Steerable Adaptive Bullet Flight Control Mechanism Design

Abstract

The paper begins with an historical overview of automated guidance systems in general, then early aerospace systems, finally wrapping up the introduction with a summary of several adaptive bullet and cannon shell programs. This paper describes a novel type of piezoelectrically driven flight control actuators for use in guided bullets and cannon shells. US Pat. 7,898,153 was issued in March 2011. This patent describes the overall layout of the actuators, how they are mounted, laminated, energized and used to control the flight of several different families of devices; accordingly, this part of the paper is a lay-technologist companion to the Patent. One of the key features of this class of actuator is the use of a Low Net Passive Stiffness (LNPS) actuator configuration. A subset of LNPS actuators use axial forces applied to the ends of an actively bending beam to reduce the passive stiffness of the element.
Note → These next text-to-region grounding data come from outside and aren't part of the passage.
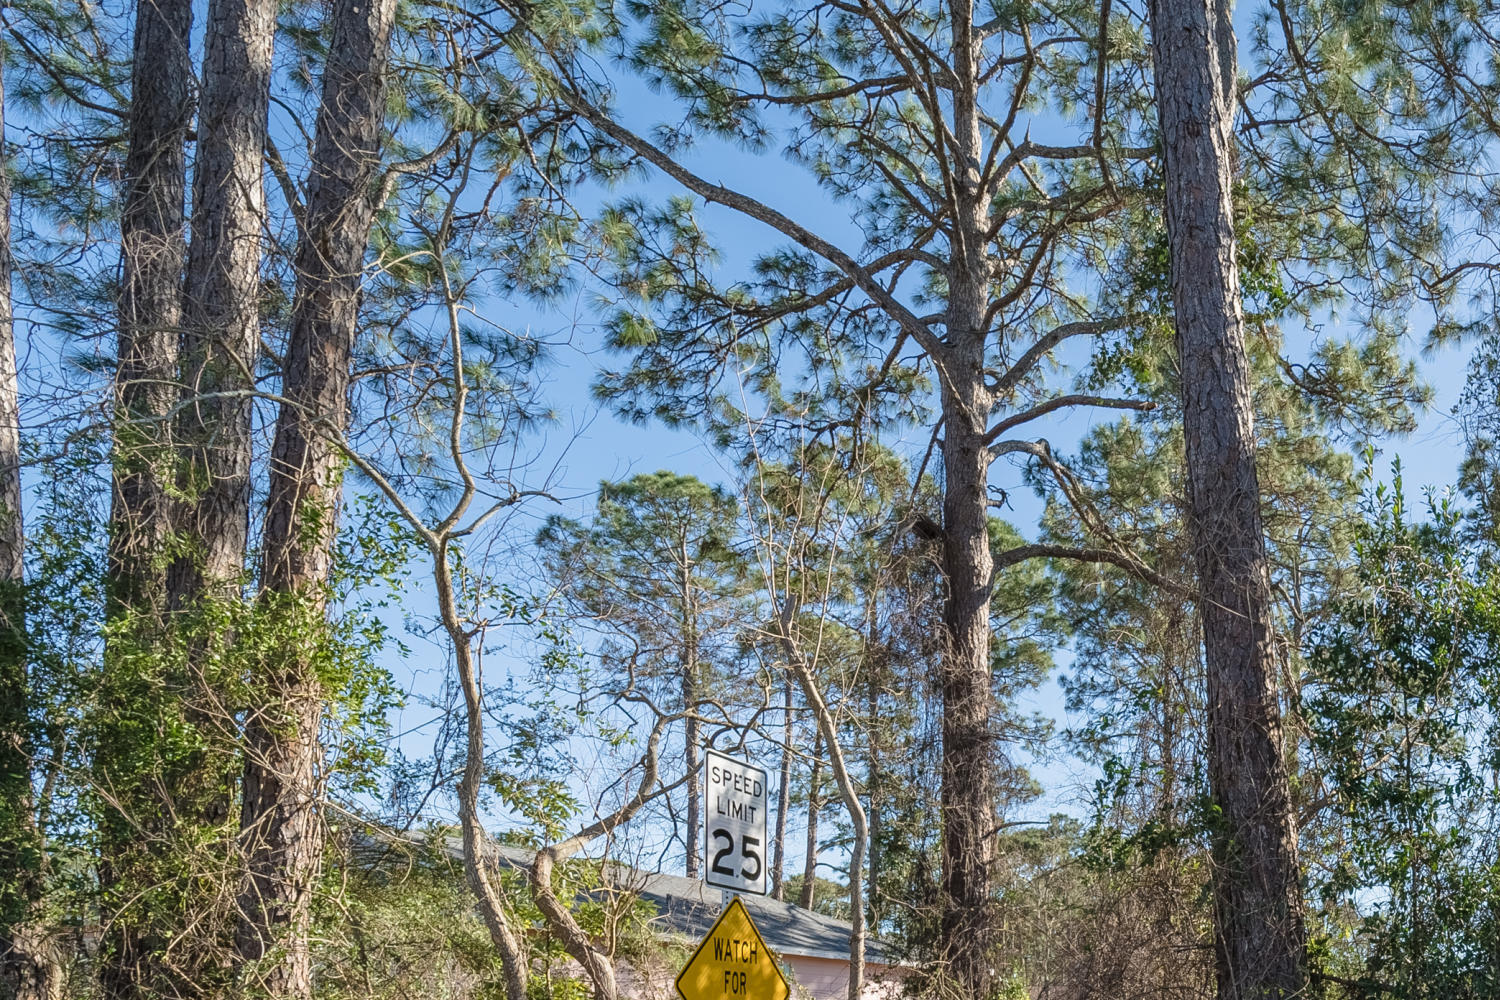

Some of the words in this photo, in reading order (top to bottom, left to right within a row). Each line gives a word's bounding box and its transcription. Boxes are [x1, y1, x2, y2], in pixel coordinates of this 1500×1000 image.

[711, 766, 763, 798] SPEED
[716, 795, 757, 824] LIMIT
[711, 828, 762, 881] 25
[713, 936, 758, 964] WATCH
[724, 970, 747, 995] FOR
As the passive stiffness approaches the null point, deflections increase to the point that they become so large that the actuator can tear itself apart. The other key component of the patent is a novel mechanism to allow actuators of this class to maintain structural integrity at these high deflection levels. Experimental data on this class of actuator shows deflection magnification levels in excess of 300% with no degradation in blocked moments. The paper concludes with short summary of progress to date and implications for future hard-launch munition designs.